*** Opening of SUPPLIED DATA ***

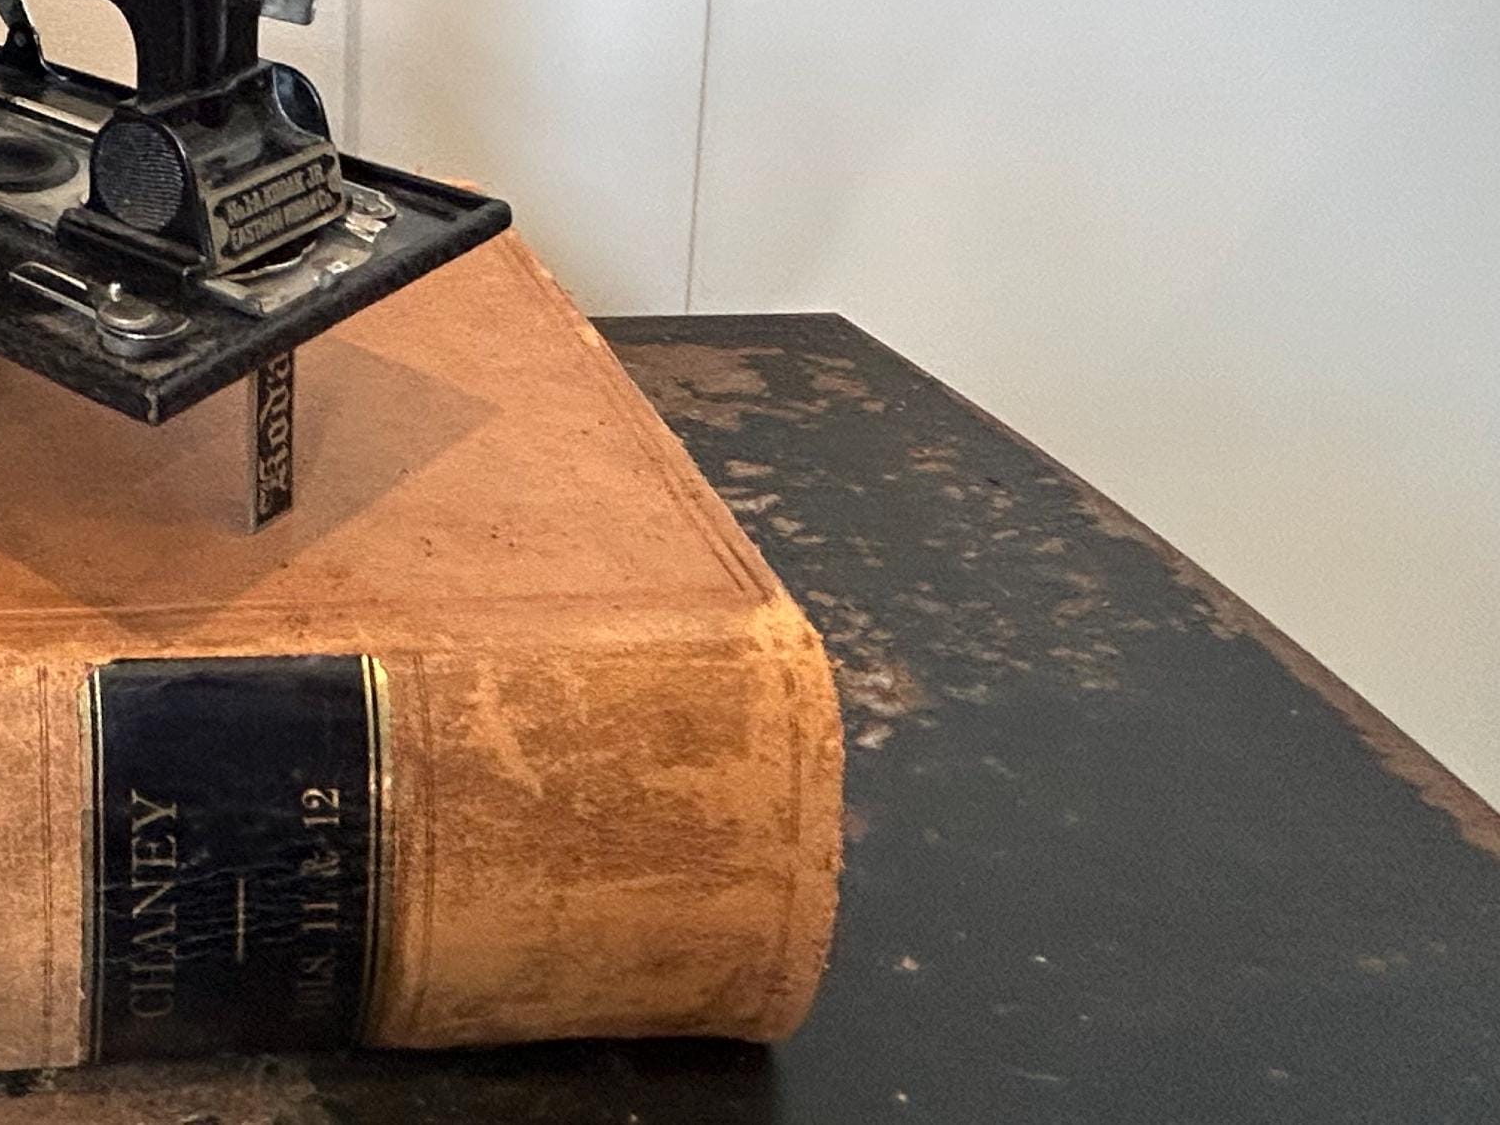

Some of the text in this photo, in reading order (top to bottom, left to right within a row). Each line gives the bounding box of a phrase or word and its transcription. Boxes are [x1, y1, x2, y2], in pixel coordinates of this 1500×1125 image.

[258, 352, 290, 513] Koda
[299, 787, 341, 829] 12
[299, 850, 340, 878] &
[130, 788, 179, 1018] CHANEY
[299, 901, 340, 934] 11

*** Close of SUPPLIED DATA ***

Write out the entries again word for word. Do not include the pictures.

**TASK SOLUTION**
Some of the text in this photo, in reading order (top to bottom, left to right within a row). Each line gives the bounding box of a phrase or word and its transcription. Boxes are [x1, y1, x2, y2], in pixel coordinates of this 1500×1125 image.

[258, 352, 290, 513] Koda
[299, 787, 341, 829] 12
[299, 850, 340, 878] &
[130, 788, 179, 1018] CHANEY
[299, 901, 340, 934] 11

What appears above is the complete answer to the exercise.